> TASK GOAL: Each line below must be reproduced exactly, though the pictures are to be dropped.

> EXCERPTED RECORDS:
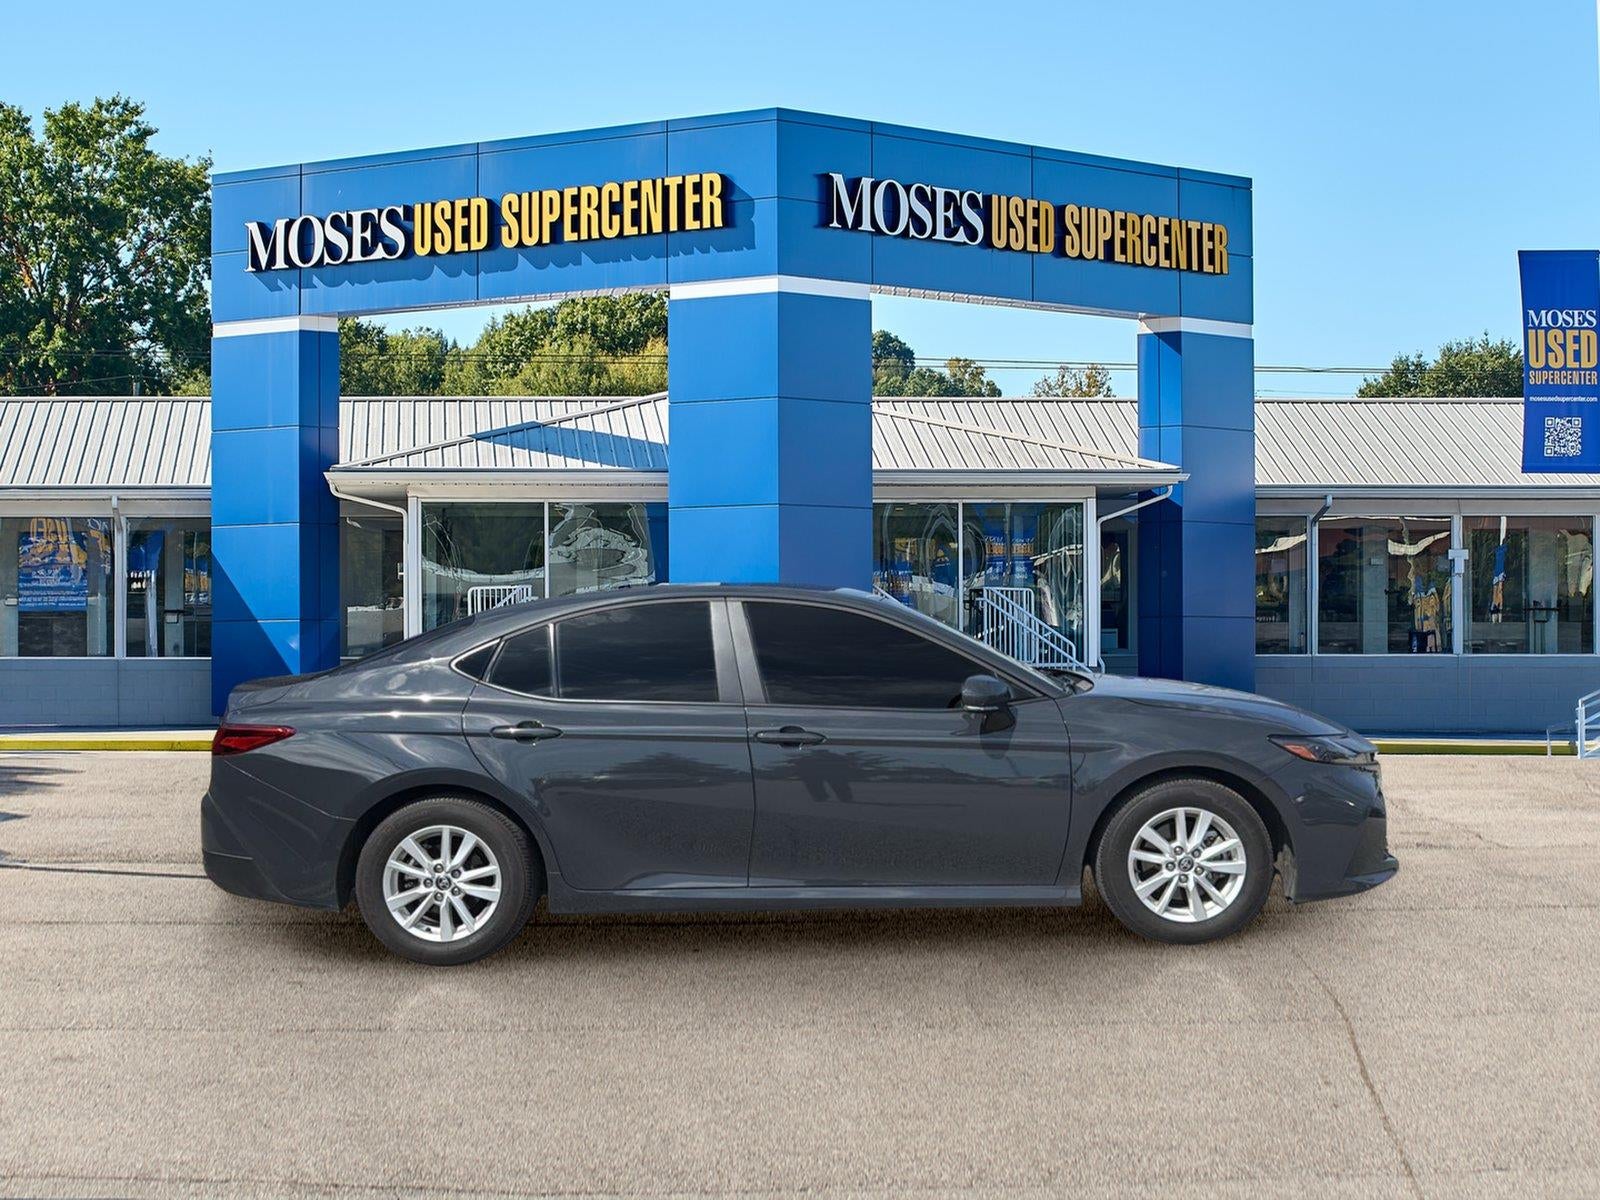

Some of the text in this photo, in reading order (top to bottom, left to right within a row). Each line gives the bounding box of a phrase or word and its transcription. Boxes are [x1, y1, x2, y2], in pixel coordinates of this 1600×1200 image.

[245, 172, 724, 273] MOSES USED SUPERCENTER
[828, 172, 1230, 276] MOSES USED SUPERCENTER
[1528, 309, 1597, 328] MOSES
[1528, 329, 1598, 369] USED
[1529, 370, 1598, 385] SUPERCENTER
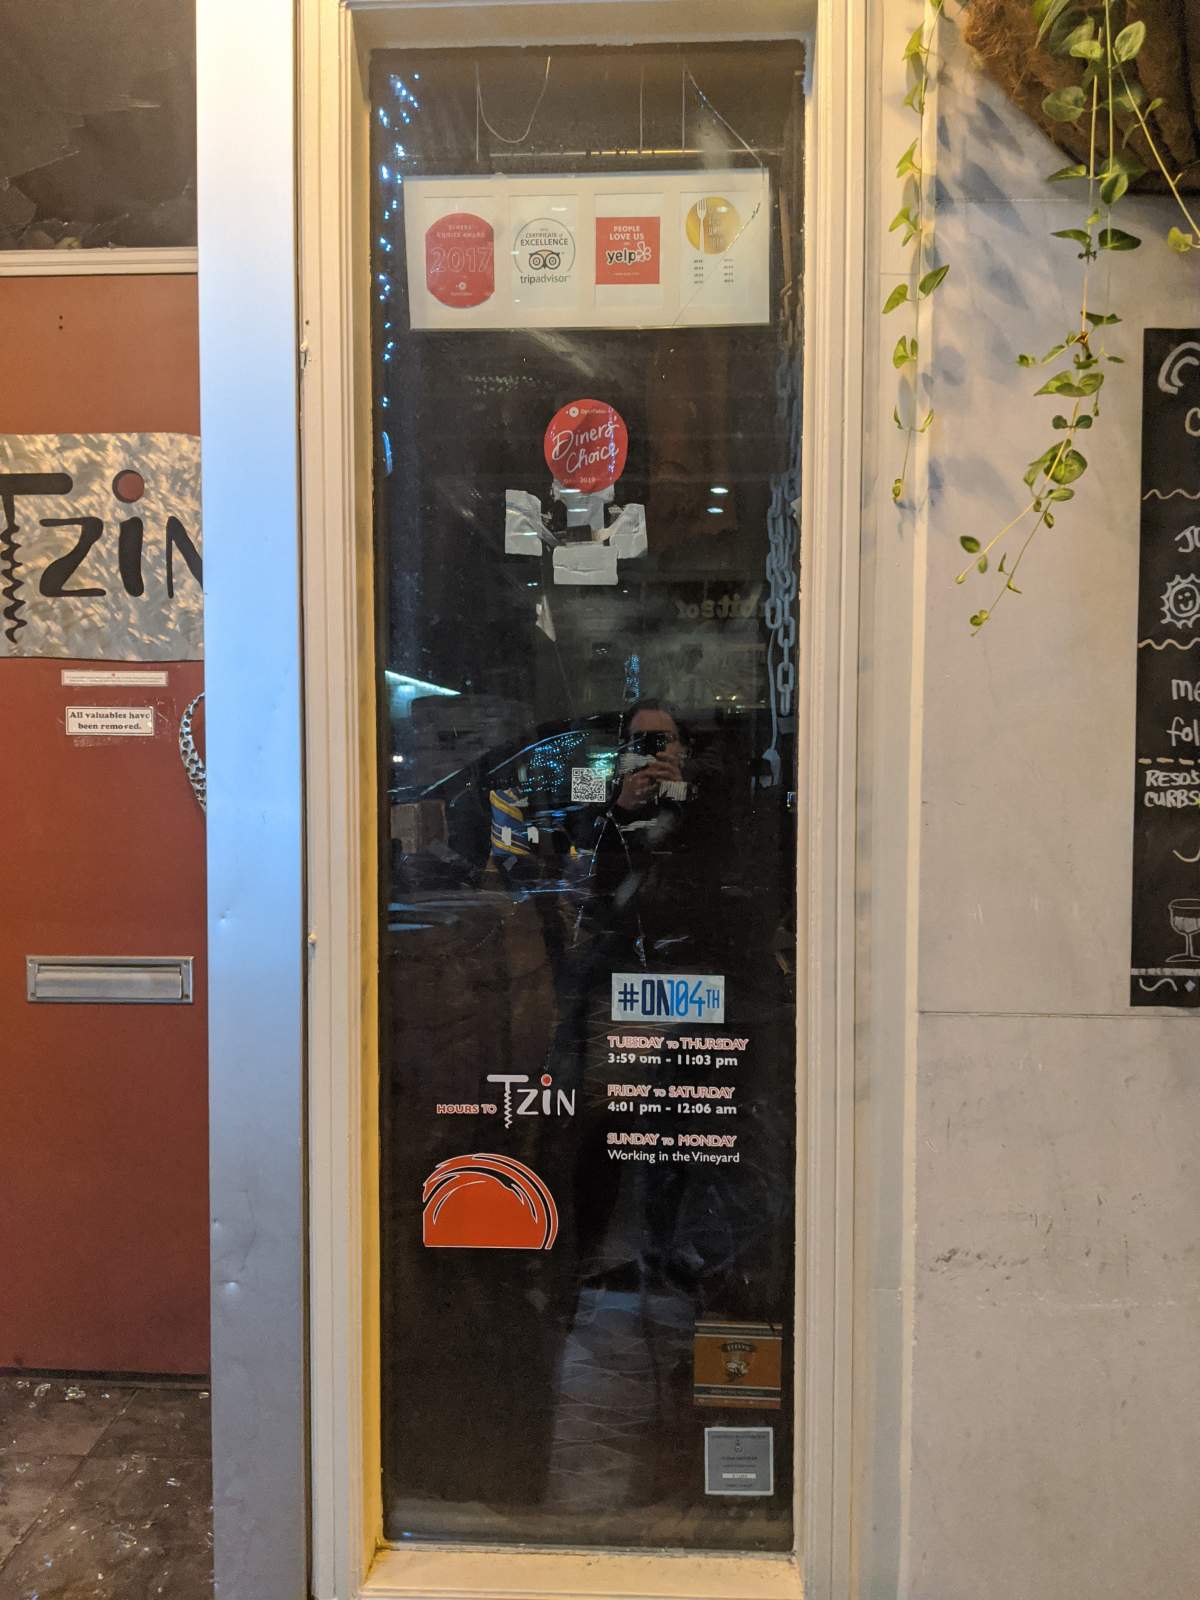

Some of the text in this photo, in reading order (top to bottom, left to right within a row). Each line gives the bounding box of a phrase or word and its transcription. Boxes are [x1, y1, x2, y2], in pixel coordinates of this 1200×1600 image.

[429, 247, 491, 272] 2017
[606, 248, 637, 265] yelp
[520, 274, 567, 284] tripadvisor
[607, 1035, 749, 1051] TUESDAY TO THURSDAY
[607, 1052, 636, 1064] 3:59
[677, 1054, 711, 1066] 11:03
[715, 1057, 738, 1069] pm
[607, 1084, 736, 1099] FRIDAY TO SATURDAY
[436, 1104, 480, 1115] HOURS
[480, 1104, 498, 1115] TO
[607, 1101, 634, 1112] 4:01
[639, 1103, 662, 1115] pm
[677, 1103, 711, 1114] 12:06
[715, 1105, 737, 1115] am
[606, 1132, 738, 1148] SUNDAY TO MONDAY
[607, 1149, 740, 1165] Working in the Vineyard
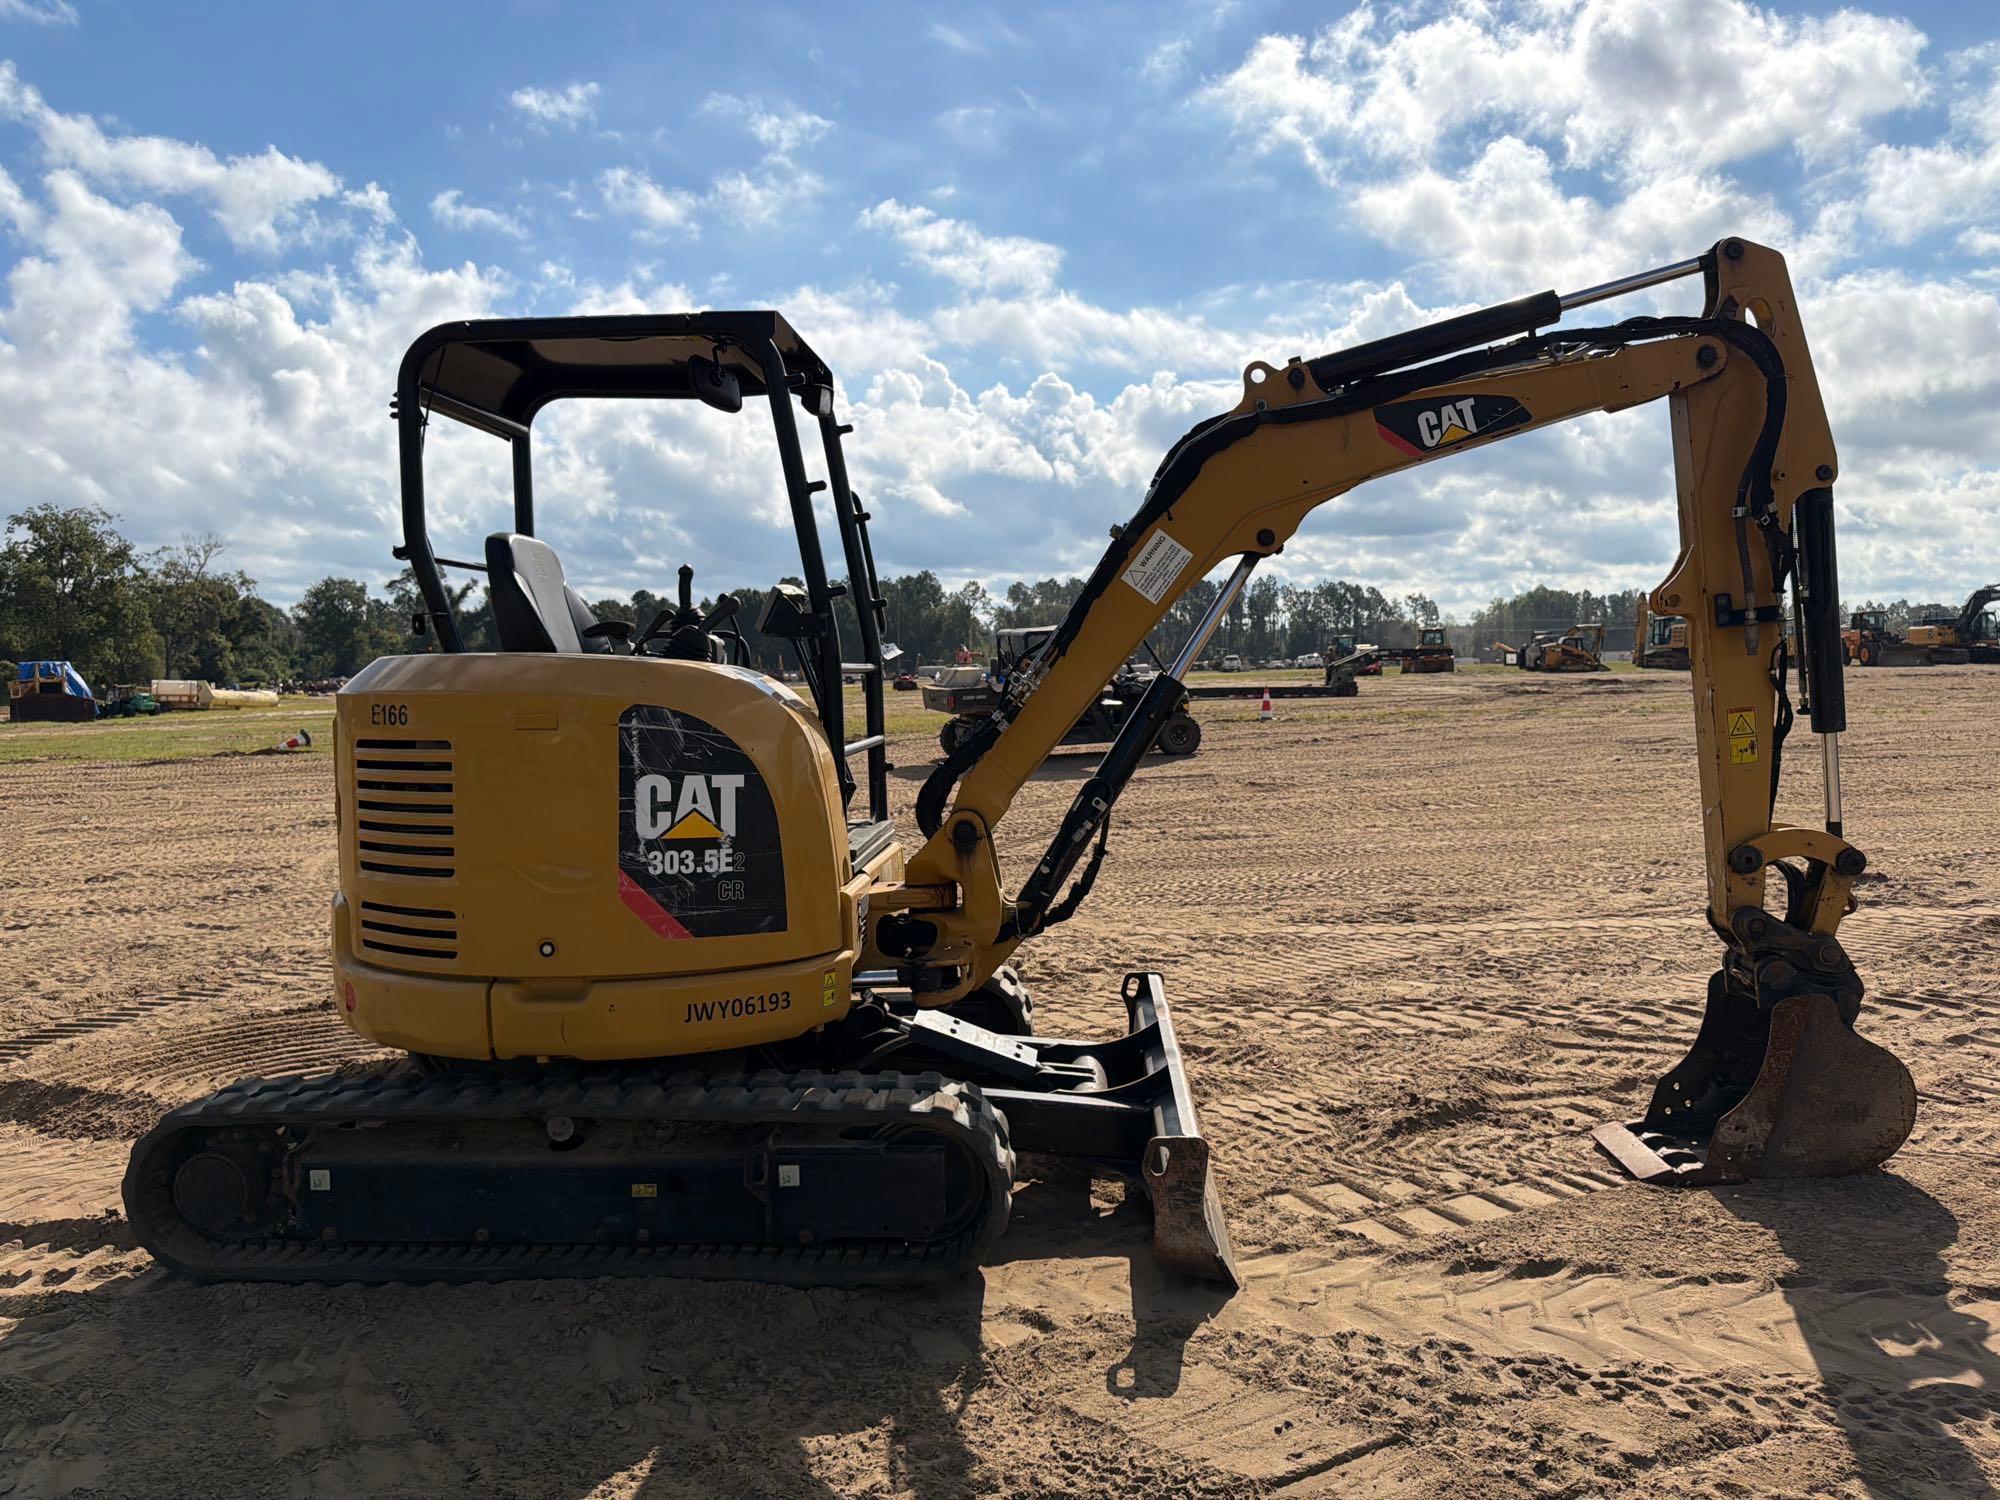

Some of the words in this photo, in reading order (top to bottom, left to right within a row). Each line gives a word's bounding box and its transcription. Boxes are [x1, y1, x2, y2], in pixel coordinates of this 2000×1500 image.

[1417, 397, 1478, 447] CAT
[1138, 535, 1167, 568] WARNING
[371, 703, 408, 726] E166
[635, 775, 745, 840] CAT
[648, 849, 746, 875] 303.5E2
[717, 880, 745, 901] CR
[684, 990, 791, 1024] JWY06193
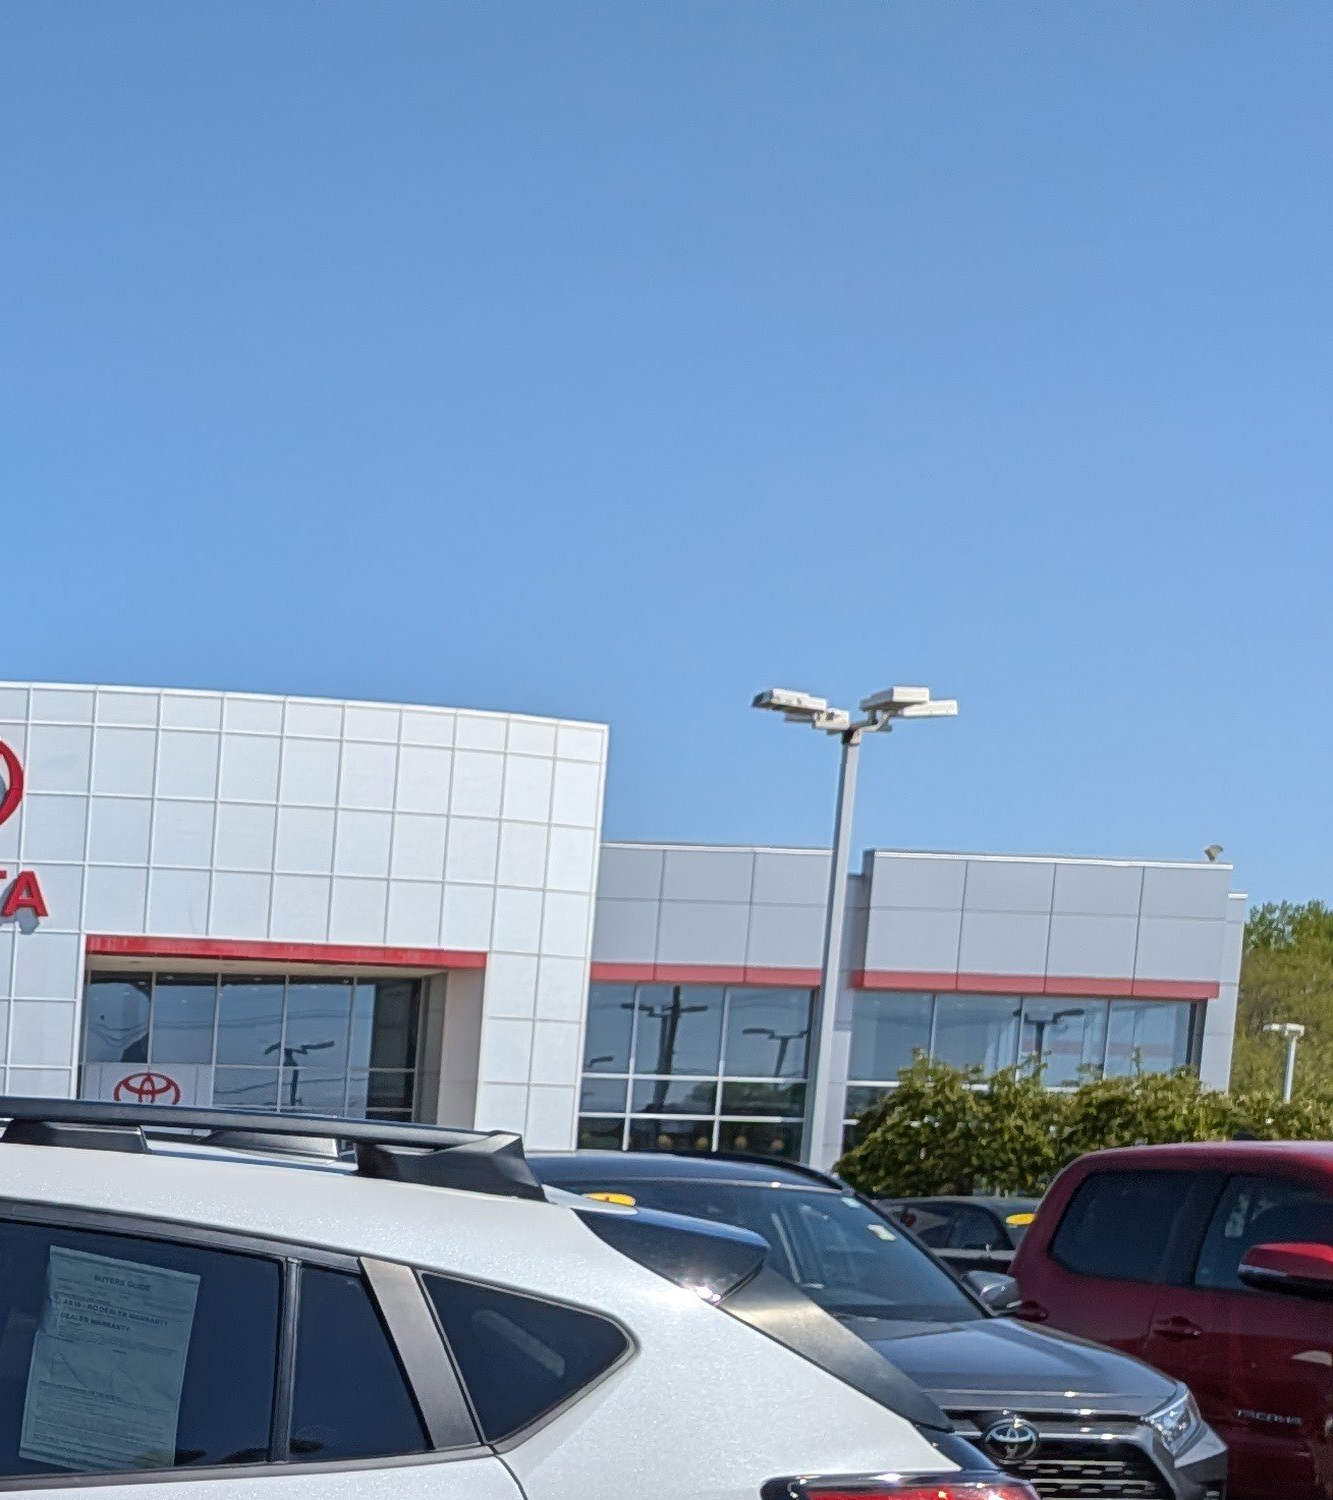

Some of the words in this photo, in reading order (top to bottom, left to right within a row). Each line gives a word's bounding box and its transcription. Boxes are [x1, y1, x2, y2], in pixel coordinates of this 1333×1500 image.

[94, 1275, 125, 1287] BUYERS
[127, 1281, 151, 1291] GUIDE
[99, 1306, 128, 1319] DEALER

> TASK OUTPUT:
Some of the text in this photo, in reading order (top to bottom, left to right within a row). Each line gives the bounding box of a phrase or word and its transcription. Boxes are [x1, y1, x2, y2], in pixel coordinates of this 1600×1200 image.

[245, 172, 724, 273] MOSES USED SUPERCENTER
[828, 172, 1230, 276] MOSES USED SUPERCENTER
[1528, 309, 1597, 328] MOSES
[1528, 329, 1598, 369] USED
[1529, 370, 1598, 385] SUPERCENTER

Some of the text in this photo, in reading order (top to bottom, left to right within a row). Each line gives the bounding box of a phrase or word and its transcription. Boxes are [x1, y1, x2, y2], in pixel coordinates of this 1200×1600 image.

[429, 247, 491, 272] 2017
[606, 248, 637, 265] yelp
[520, 274, 567, 284] tripadvisor
[607, 1035, 749, 1051] TUESDAY TO THURSDAY
[607, 1052, 636, 1064] 3:59
[677, 1054, 711, 1066] 11:03
[715, 1057, 738, 1069] pm
[607, 1084, 736, 1099] FRIDAY TO SATURDAY
[436, 1104, 480, 1115] HOURS
[480, 1104, 498, 1115] TO
[607, 1101, 634, 1112] 4:01
[639, 1103, 662, 1115] pm
[677, 1103, 711, 1114] 12:06
[715, 1105, 737, 1115] am
[606, 1132, 738, 1148] SUNDAY TO MONDAY
[607, 1149, 740, 1165] Working in the Vineyard

Some of the words in this photo, in reading order (top to bottom, left to right within a row). Each line gives a word's bounding box and its transcription. Boxes are [x1, y1, x2, y2], in pixel coordinates of this 2000×1500 image.

[1417, 397, 1478, 447] CAT
[1138, 535, 1167, 568] WARNING
[371, 703, 408, 726] E166
[635, 775, 745, 840] CAT
[648, 849, 746, 875] 303.5E2
[717, 880, 745, 901] CR
[684, 990, 791, 1024] JWY06193

Some of the words in this photo, in reading order (top to bottom, left to right within a row). Each line gives a word's bounding box and its transcription. Boxes are [x1, y1, x2, y2], in pixel coordinates of this 1333×1500 image.

[94, 1275, 125, 1287] BUYERS
[127, 1281, 151, 1291] GUIDE
[99, 1306, 128, 1319] DEALER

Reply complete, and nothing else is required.